Morning Walk At Admiralty Park (21 Mar 2015)

It has been a while since I last went to the Admiralty Park, so I decided to give it a try again despite the concerns about the nasty ants. The place is still under restoration for the longer trail near to the North entrance. Here's an interesting spider that mimics a large black ant found at the place.

The trail near to the North entrance seemed to be badly infested with this tiny brownish-black ants. There are literally thousands, if not millions, of them moving around the trail and vegetation. Don't be deceived by their tiny size as each one of them gives a nasty bite, and they operate in large groups just like in the photograph. This is what kept me away from the place for so long. I sincerely hoped that NParks will do something about these ants while they are restoring the place, before the infestation spread to the rest of the park.

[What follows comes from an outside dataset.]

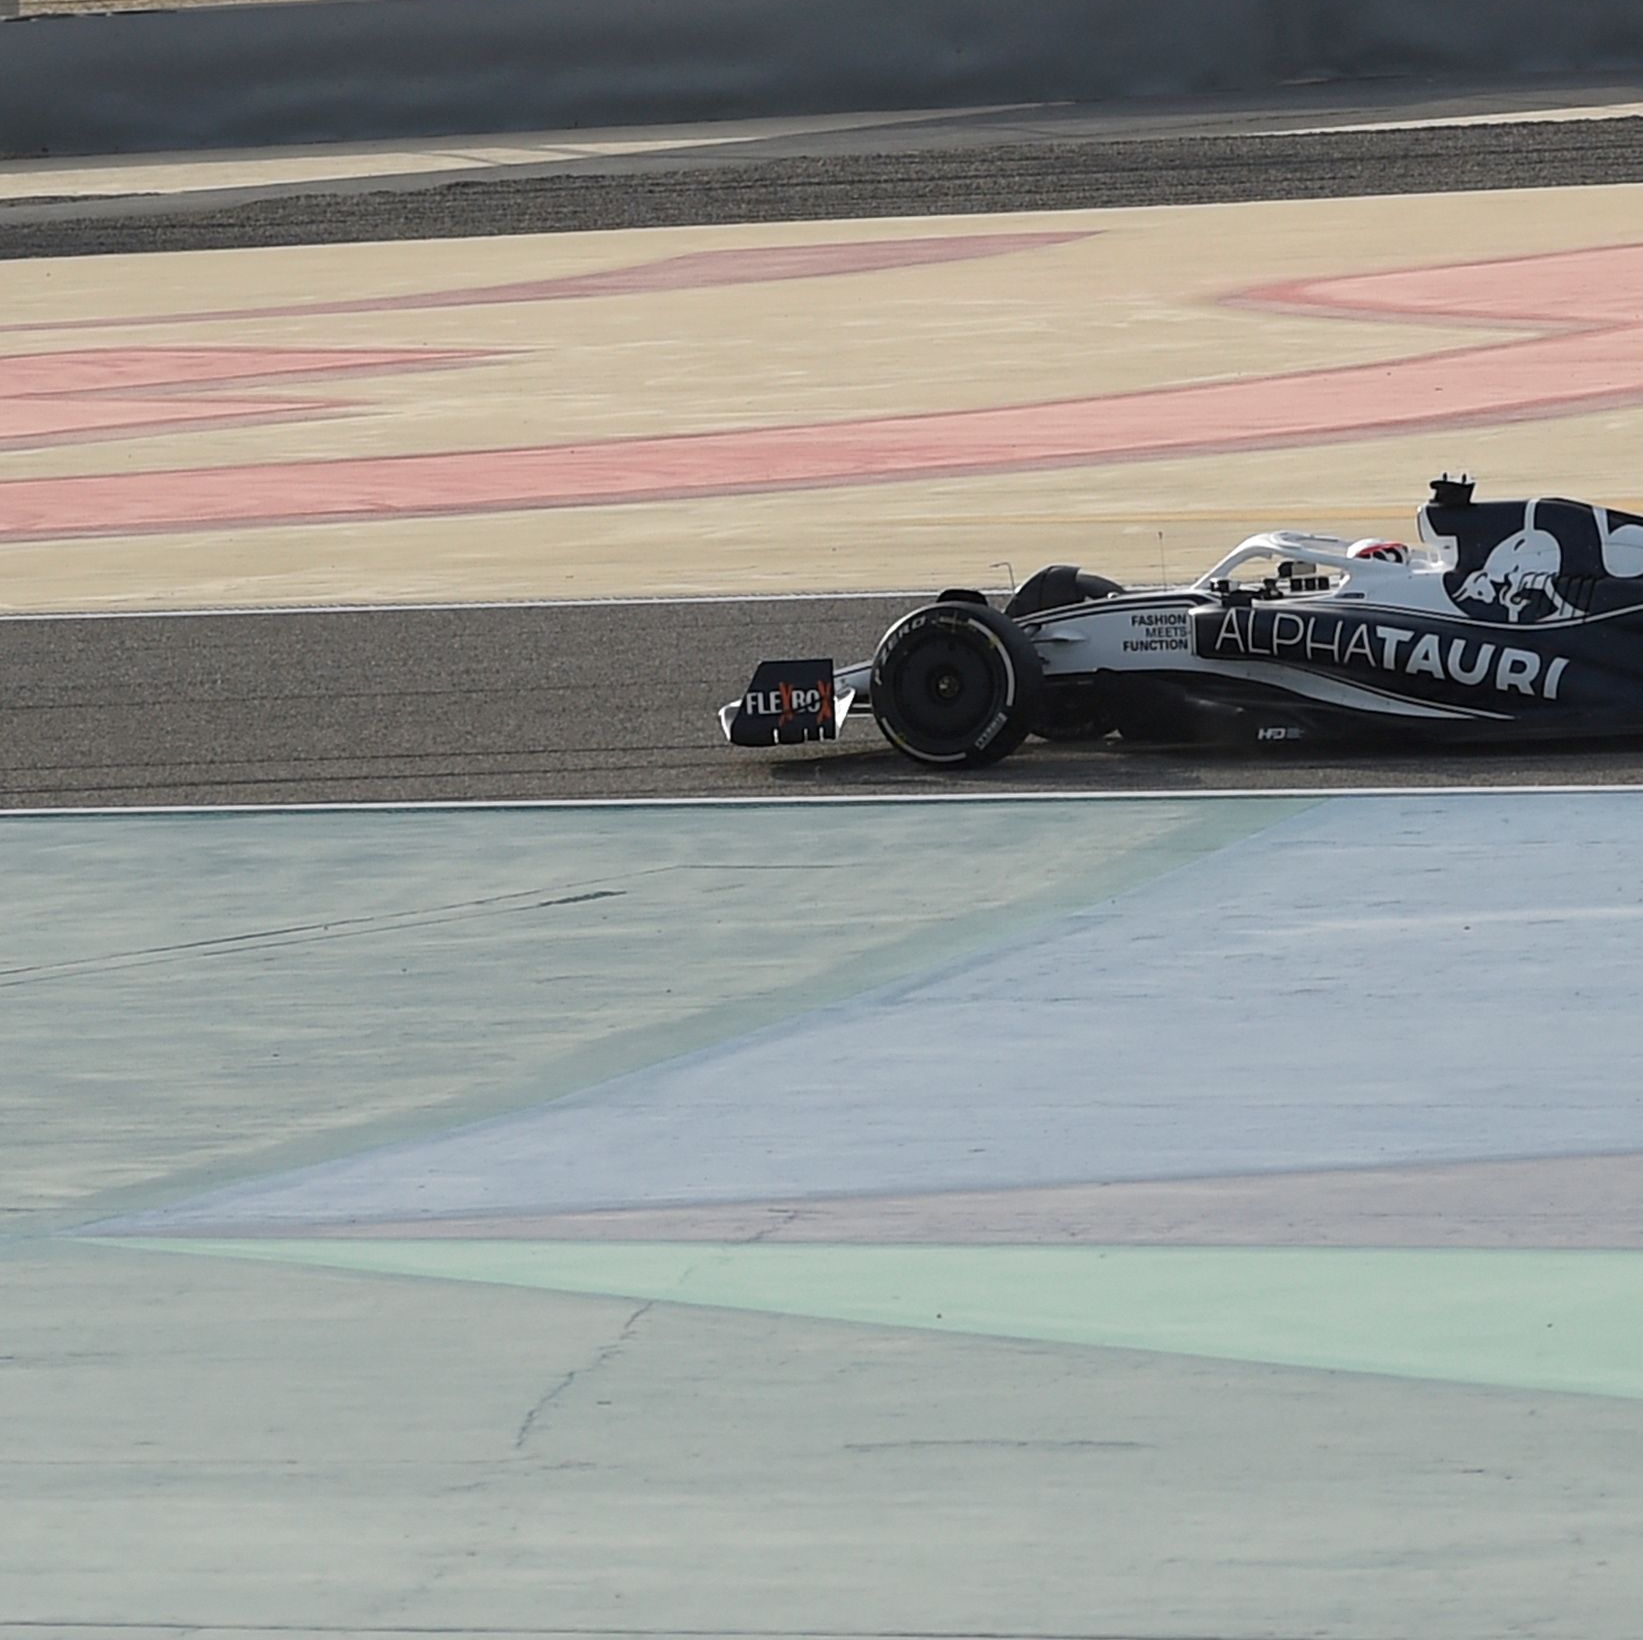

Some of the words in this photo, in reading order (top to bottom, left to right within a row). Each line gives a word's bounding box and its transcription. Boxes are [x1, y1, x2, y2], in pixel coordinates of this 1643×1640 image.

[1131, 614, 1187, 626] FASHION
[1145, 626, 1187, 638] MEETS
[1123, 639, 1188, 652] FUNCTION
[1214, 607, 1570, 700] ALPHATAURI
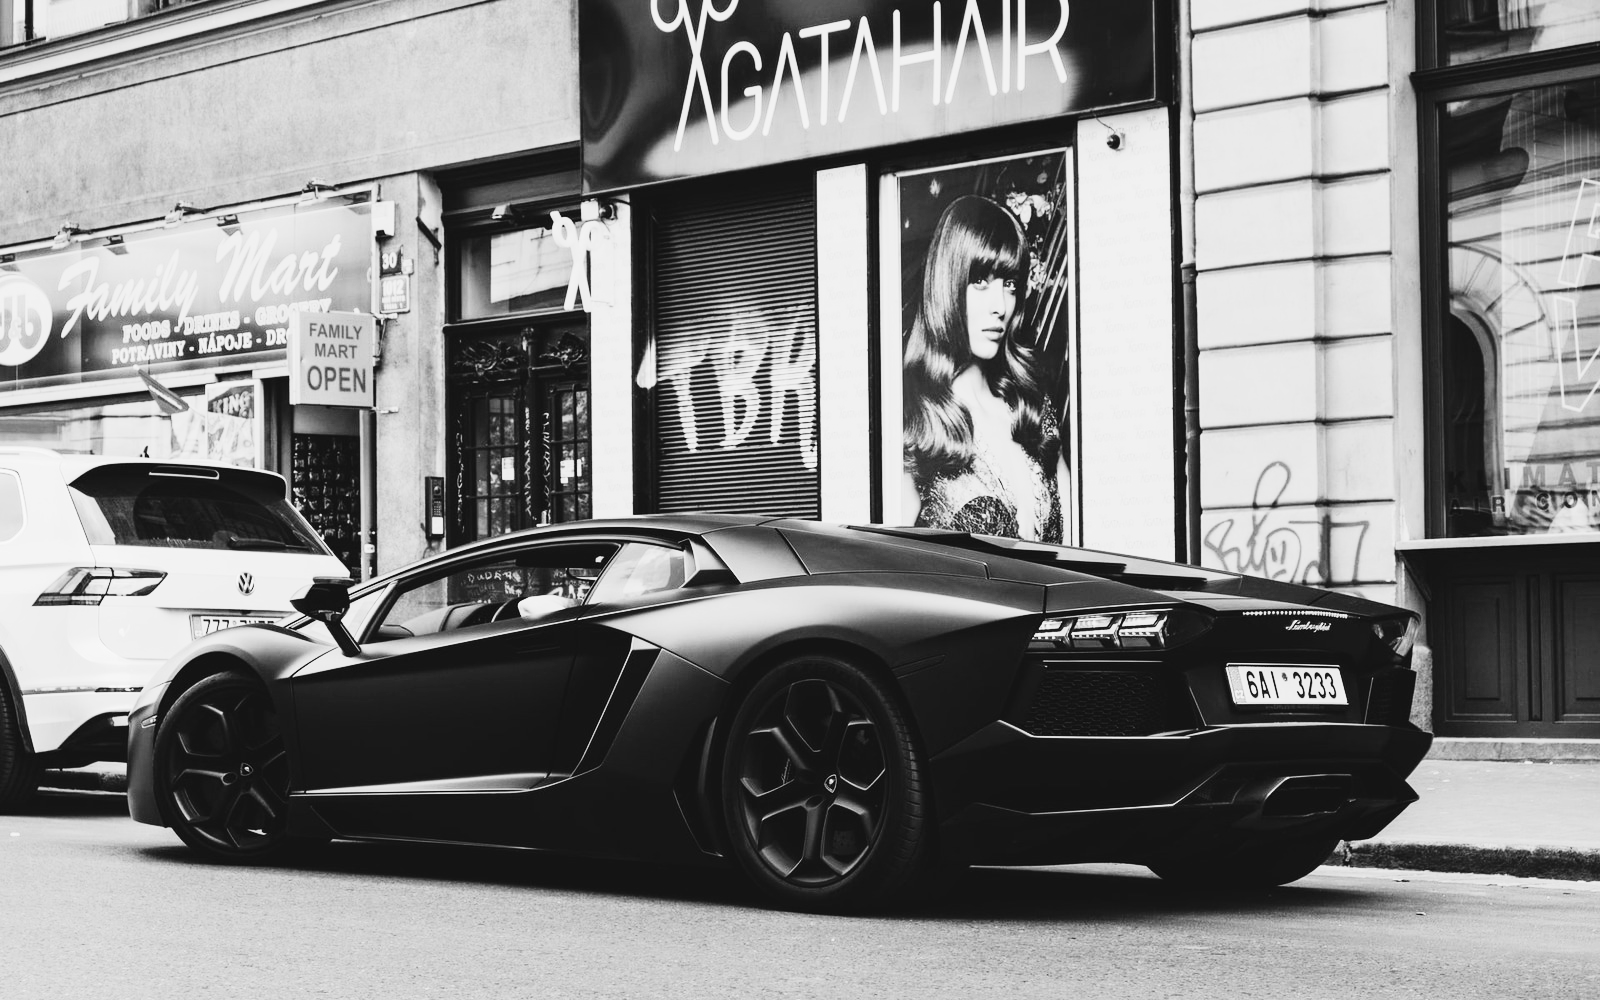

The first beetle only appeared after a good 15 minutes of walking. It was a Leaf Beetle (Colasposoma auripenne) and it was pretty much a challenge to photograph this particular beetle as besides it being under a leaf, there were ants all over the place. While I focus the camera on the beetle, I would also need to constantly look down to make sure that the ants do not climb onto my boots. Despite me being so cautious about the ants, one of them still managed to go under my T-shirt and gave me a nasty bite, minutes after I have left the spot.

It was another 30 minutes or so of walking before I came across this tiny 2 mm Ladybird Beetle (Cryptogonus orbiculus).

I was about to give up and go home as the place was really very disappointing in terms of finding beetles. Just then I came to a patch of low bushes where I found the first Leaf Beetle (Lema rufotestacea) for the trip.

Energized by the finding of a Leaf Beetle, I persevered on and found a pair of mating Leaf Beetle (Altica cyanea) on a hairy leaf.

Just a stone's throw away was another Leaf Beetle resting on the tip of a blade of lalang grass.

There was so few beetles at the place that even after walking for another long while, I didn't find any beetles. I decided to turn back and go home. Just near to the point where I turned back, I was surprised to find a Click Beetle (Pectocera babai) caught in a spider's web.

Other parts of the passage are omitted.